'I don’t want kids'

By Enid Westerlund 08 June 2022, 3:00PM

If one of your children came to you and honestly say that they don’t want children? Not now and not in the future despite your encouragement and threats? How would you take this  revelation? Would you tell them to stop being silly and to not entertain such nonsense? That  they will change their minds when they find their one true love? That their spouse would refuse to be with them if they knew his or her feelings towards children?  

There are couples who want kids but cannot have kids, then there are those who are able to  have children but don’t want to. Talking about this openly with your children and family should be normal. However, we live in a society and culture that refuses to accept anything  different from what we know and experience.  

The societal pressure on women to work and have children is high. Take our Prime Minister as an example. Pun intended. She’s never been married and does not have children. She has dedicated her whole life to serving this country and her family. Her focus in politics  is unwavering and she doesn’t have to explain her choices to anyone. 

Oh, I am sure there have been many comments about her choices throughout her career and how she should leave a legacy behind. As if having children is the only way to do that. There are millions of cool childless aunts who care for their nieces just like their mothers, looking out for their welfare and future. 

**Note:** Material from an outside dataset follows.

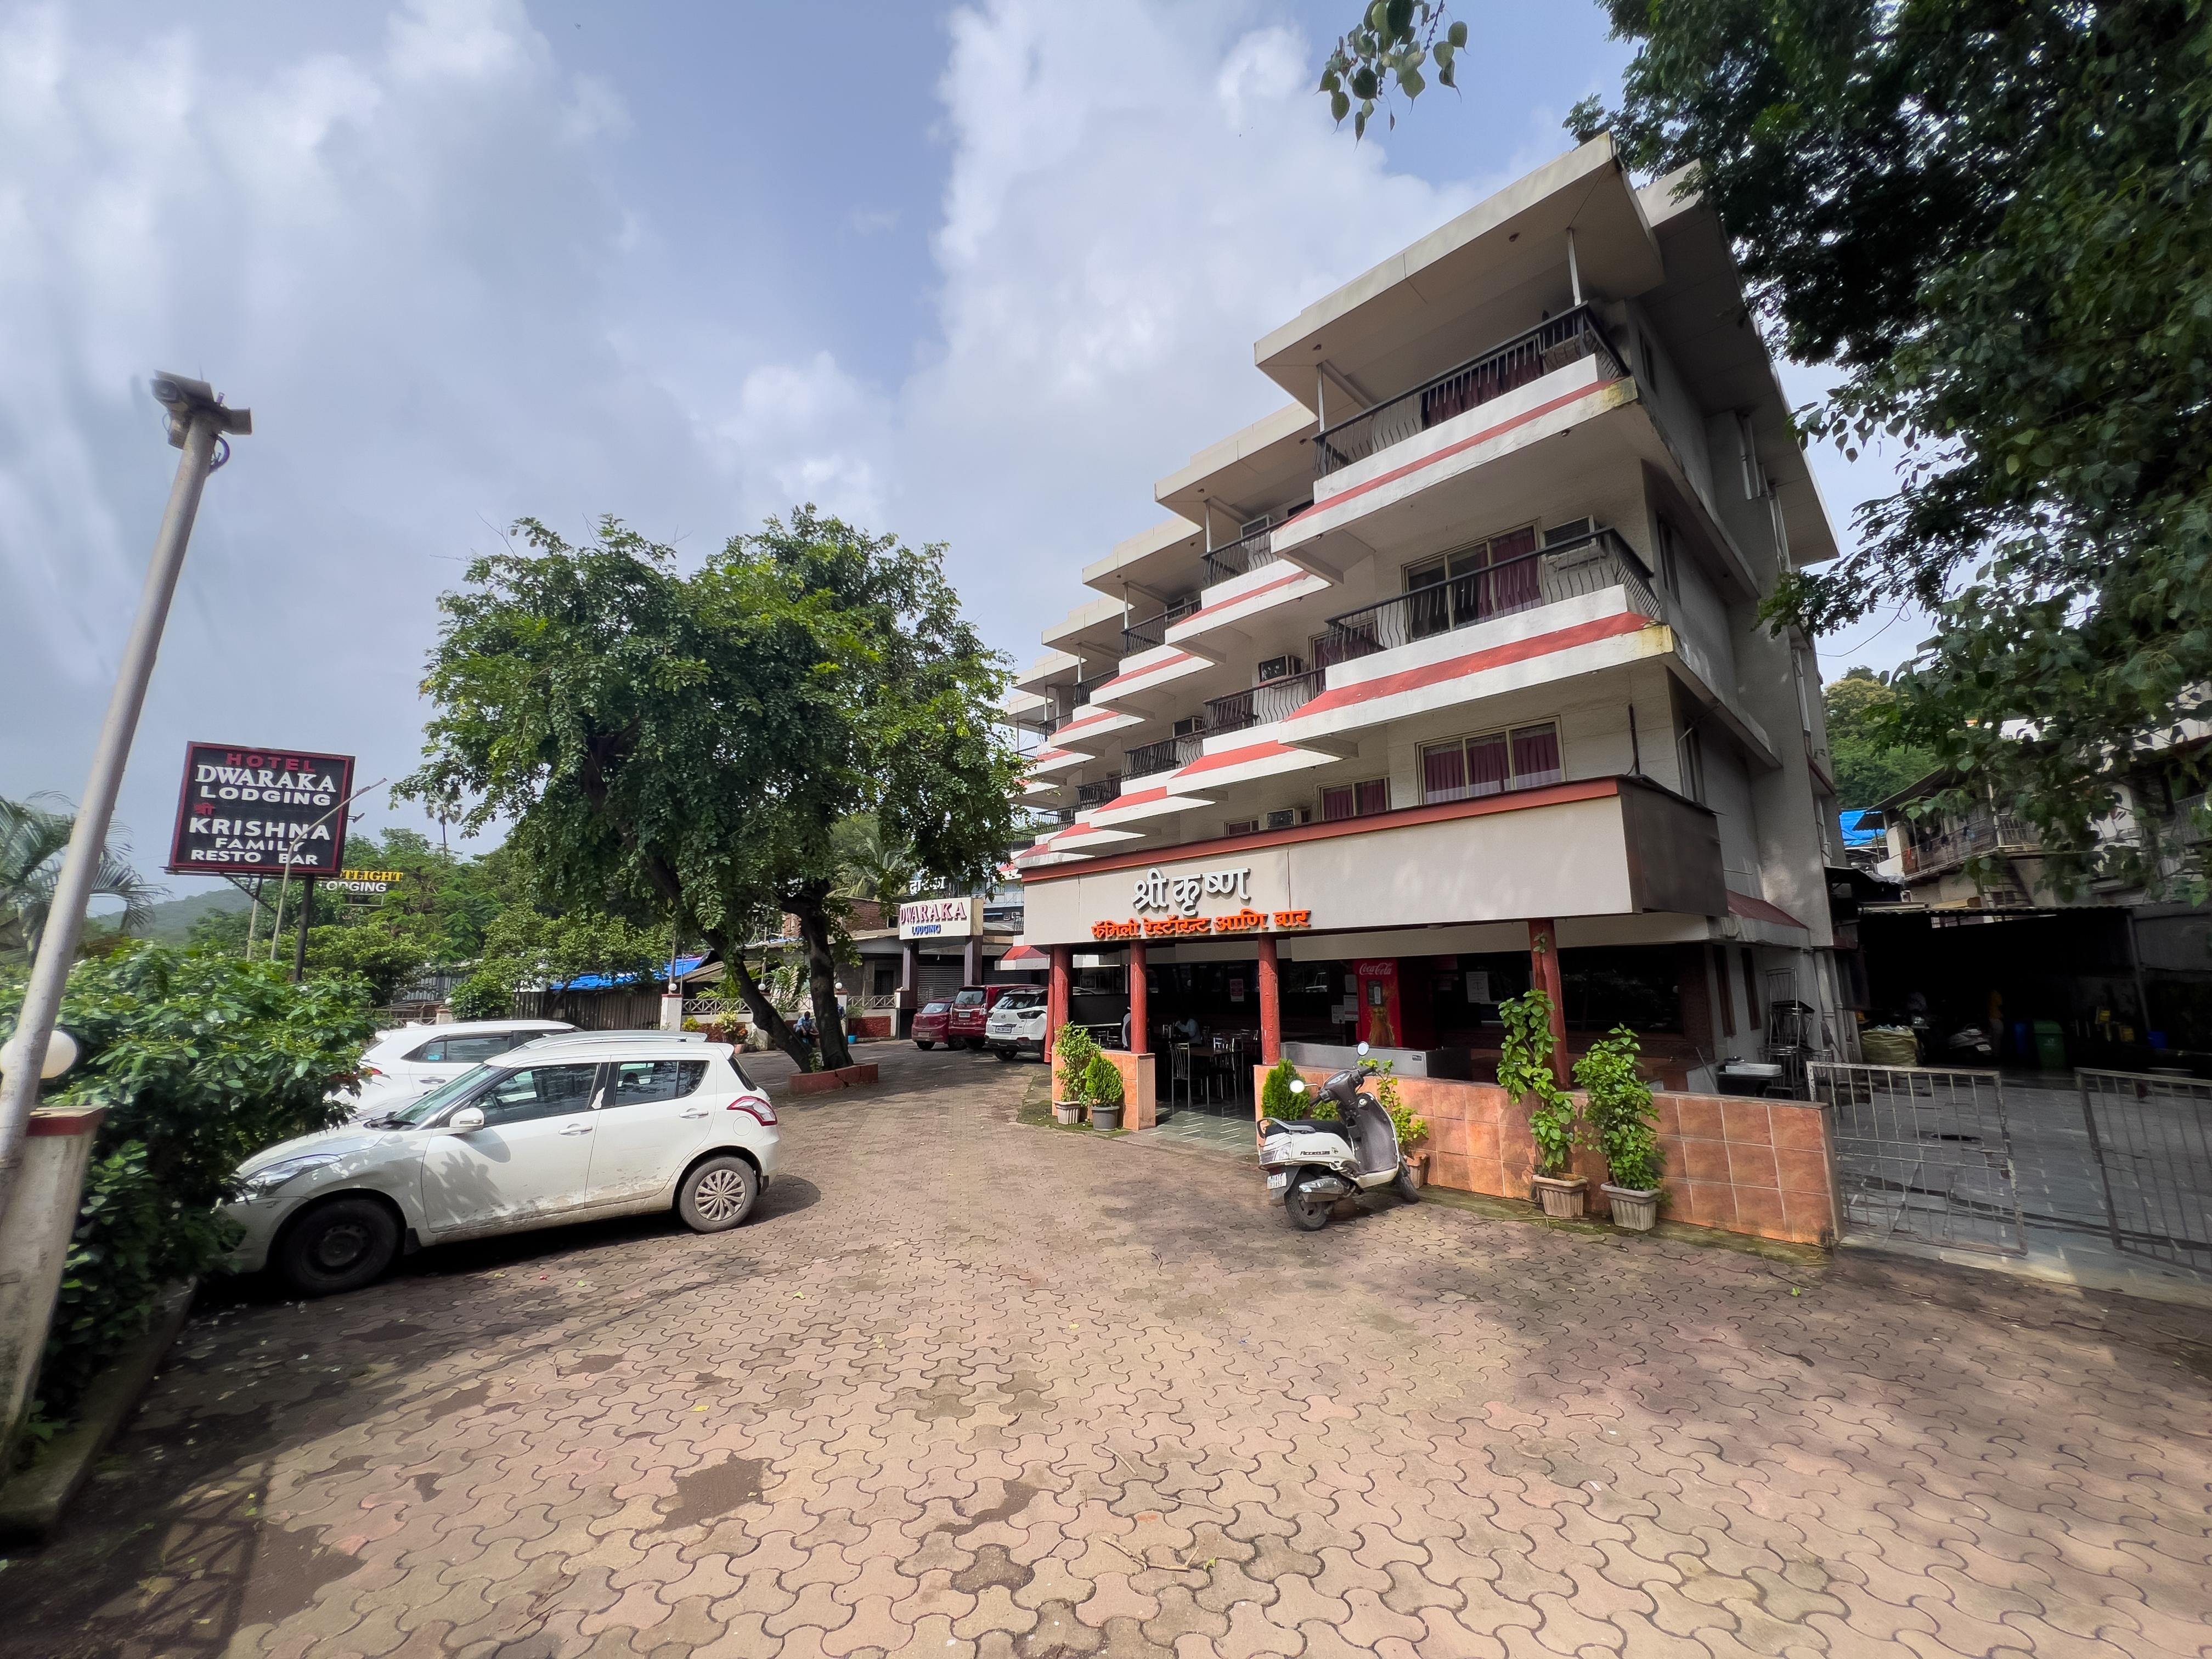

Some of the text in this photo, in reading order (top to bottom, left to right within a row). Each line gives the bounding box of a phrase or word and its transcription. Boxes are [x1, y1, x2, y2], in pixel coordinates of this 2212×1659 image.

One journalist interviewed over 500 women about why they chose not to have  children. Interestingly, women were more concerned about overpopulation and not having enough resources. I resonate with this, even though I plan to have one more baby.  

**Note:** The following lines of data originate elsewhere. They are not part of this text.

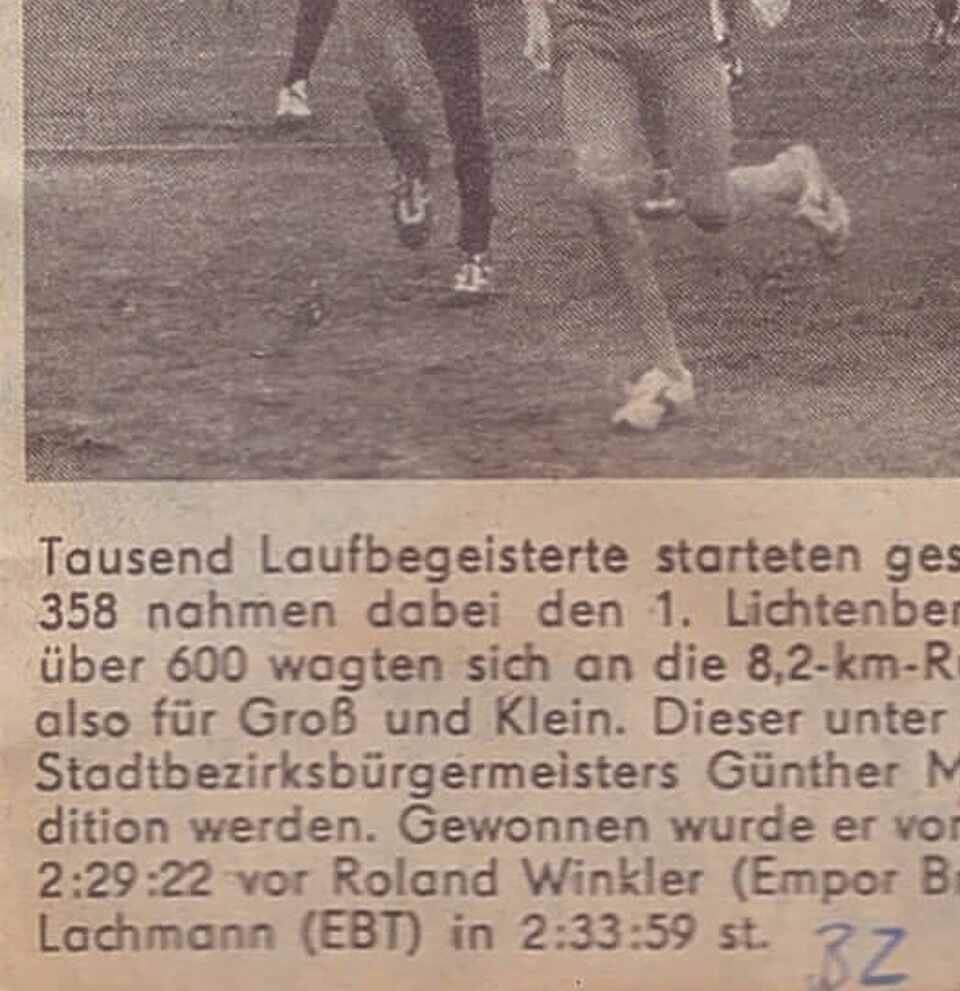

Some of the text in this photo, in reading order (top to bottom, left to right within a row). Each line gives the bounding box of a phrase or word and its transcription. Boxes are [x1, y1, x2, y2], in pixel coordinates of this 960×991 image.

[38, 535, 234, 577] Tausend
[260, 533, 630, 584] Laufbegeisterte
[656, 538, 861, 574] starteten
[37, 591, 118, 631] 358
[147, 589, 336, 630] nahmen
[366, 588, 500, 628] dabei
[537, 588, 623, 628] den
[656, 590, 691, 627] 1.
[40, 642, 146, 684] über
[165, 645, 248, 683] 600
[268, 648, 443, 692] wagten
[466, 642, 551, 682] sich
[574, 654, 635, 682] an
[653, 641, 727, 682] die
[34, 698, 132, 738] also
[151, 696, 217, 737] für
[238, 695, 357, 738] Groß
[385, 697, 471, 736] und
[495, 695, 626, 736] Klein.
[653, 696, 805, 736] Dieser
[825, 702, 948, 735] unter
[35, 750, 680, 799] Stadtbezirksbürgermeisters
[706, 749, 901, 790] Günther
[36, 805, 169, 845] dition
[189, 805, 376, 843] werden.
[397, 803, 650, 844] Gewonnen
[669, 803, 816, 843] wurde
[831, 816, 878, 842] er
[37, 859, 213, 899] 2:29:22
[235, 870, 309, 897] vor
[333, 856, 498, 897] Roland
[521, 856, 704, 896] Winkler
[732, 855, 899, 904] (Empor
[38, 909, 769, 956] Lachmann (EBT) in 2:33:59 st.
[804, 921, 910, 990] BZ

Some were more specific in their approach and that they were anxious about pregnancy, body changes and recovery. Most didn’t want to bring a child into a world where they went through bullying, broken homes, being teased about their looks, and not being able to give  enough attention or love towards that child because of their own experiences growing up.  

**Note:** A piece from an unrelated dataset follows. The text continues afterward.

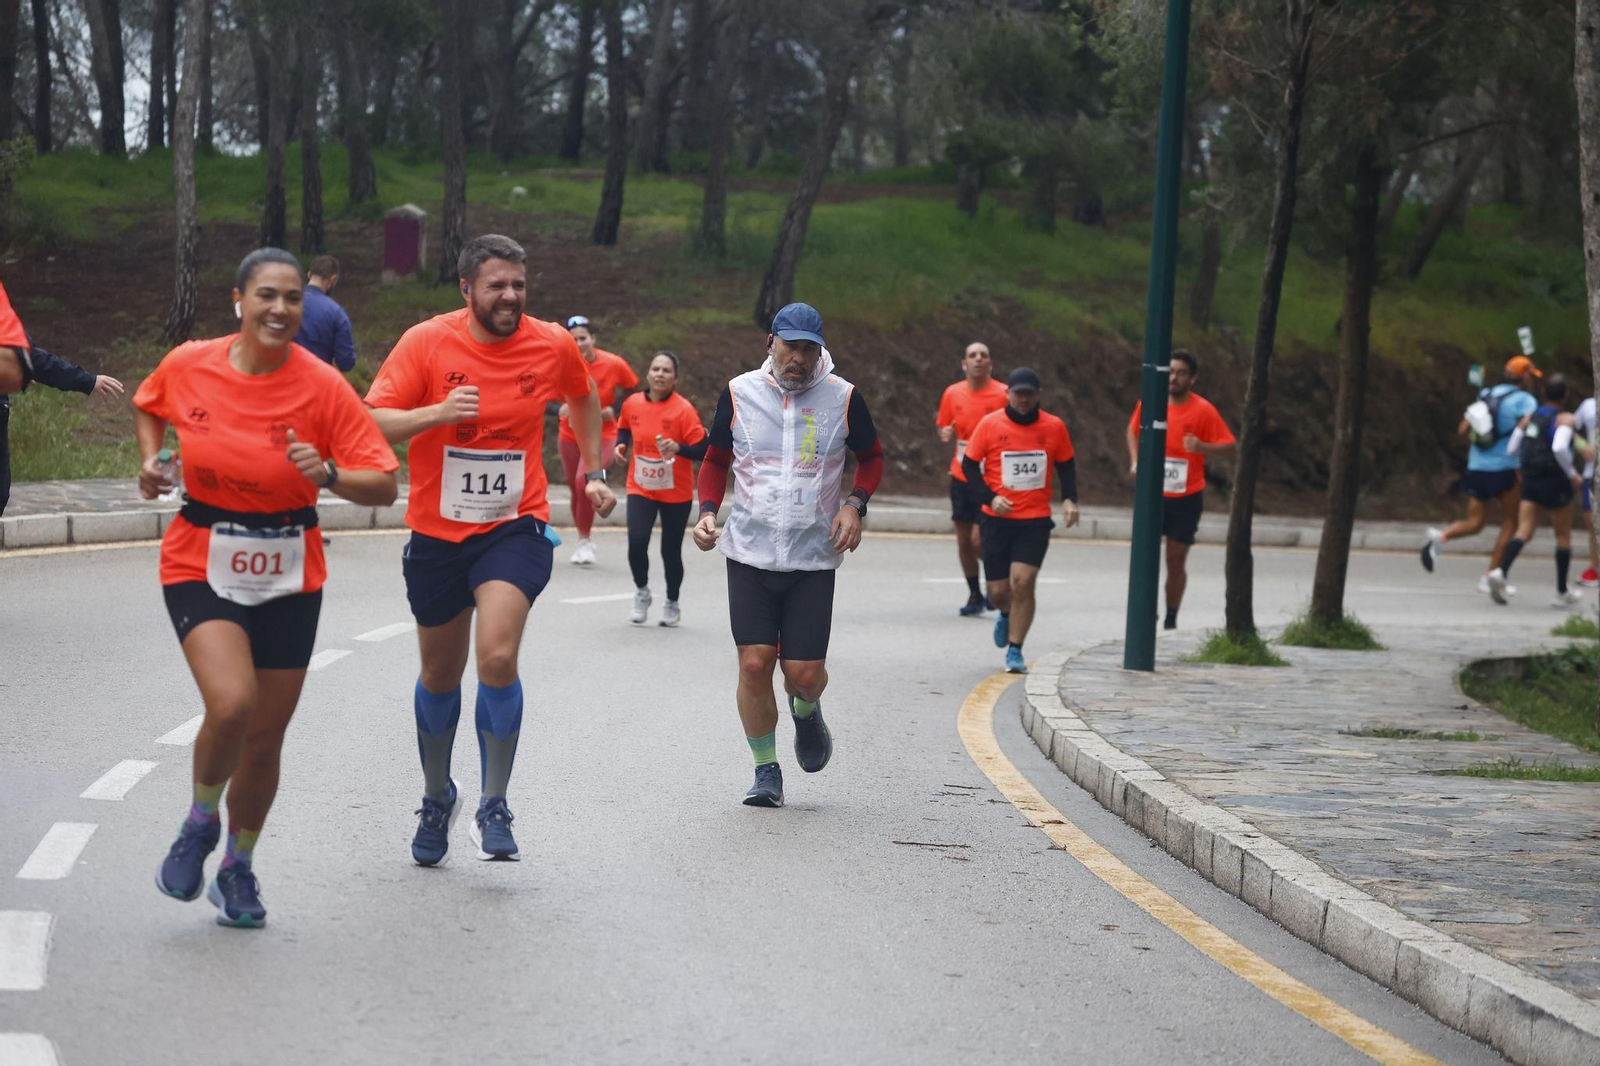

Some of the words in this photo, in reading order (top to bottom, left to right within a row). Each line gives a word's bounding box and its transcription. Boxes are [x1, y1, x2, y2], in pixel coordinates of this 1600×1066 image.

[642, 467, 665, 478] 620
[1013, 463, 1037, 475] 344
[461, 472, 507, 495] 114
[231, 551, 283, 575] 601

Others have PCOS (Polycystic Ovary Syndrome) and physically cannot have children. It’s the emotional side that is more common with women deciding not to have children. Many who suffer from anxiety, depression, eating disorders and prioritising their careers over parenting do not want children.  

It’s uncommon in Samoa to hear women honestly say they do not want children. Some of us  have children because we “have to”, some are given ultimatums to conceive at a certain due date. Have you ever been to a wedding where the cards do not say “Ia fua tele le niu?” or one where the couple straight after the wedding are asked continuously by relatives or strangers on when, not if they’re having a baby? Then after having the first baby, they’re  expected to have another one or two? 

Imagine the look on the in-laws faces if the bride just said that she doesn’t want kids, not  now, not ever. Wow. Imagine the reaction. They might even take her back to the pastor and ask for an annulment straight away. The horror. 

“Children are expensive and sticky. I want to travel the world and home ownership here will  not be possible if I have any children. I love being a fun aunt and the idea of giving birth is  terrifying to me. It’s a huge responsibility and if I have a kid and regret it later on, there’s not much I can do. I hate the sound of babies crying and I am happy in my relationship with my partner. I want it to remain that way. No kids. I love sleeping and freedom too much. Some  people want kids and some people don’t. Neither choice is better than the other. I just  happen to be one of those people who doesn’t want to be a mother. It’s about high time  society started supporting women in whatever we decided is best for our bodies, lifestyles and dreams’ (Sloss, 2022) 

We see our children as blessings and they are. They bring us much joy and laughter, colourful words when they are being naughty and fuel passionate debate between parents when they disagree on certain issues. Wherever you stand, it’s something that more and more women  or couples are deciding today. Enjoy the rest of the week Samoa and remember COVID-19 is still  out there. Remember your mask and social distancing.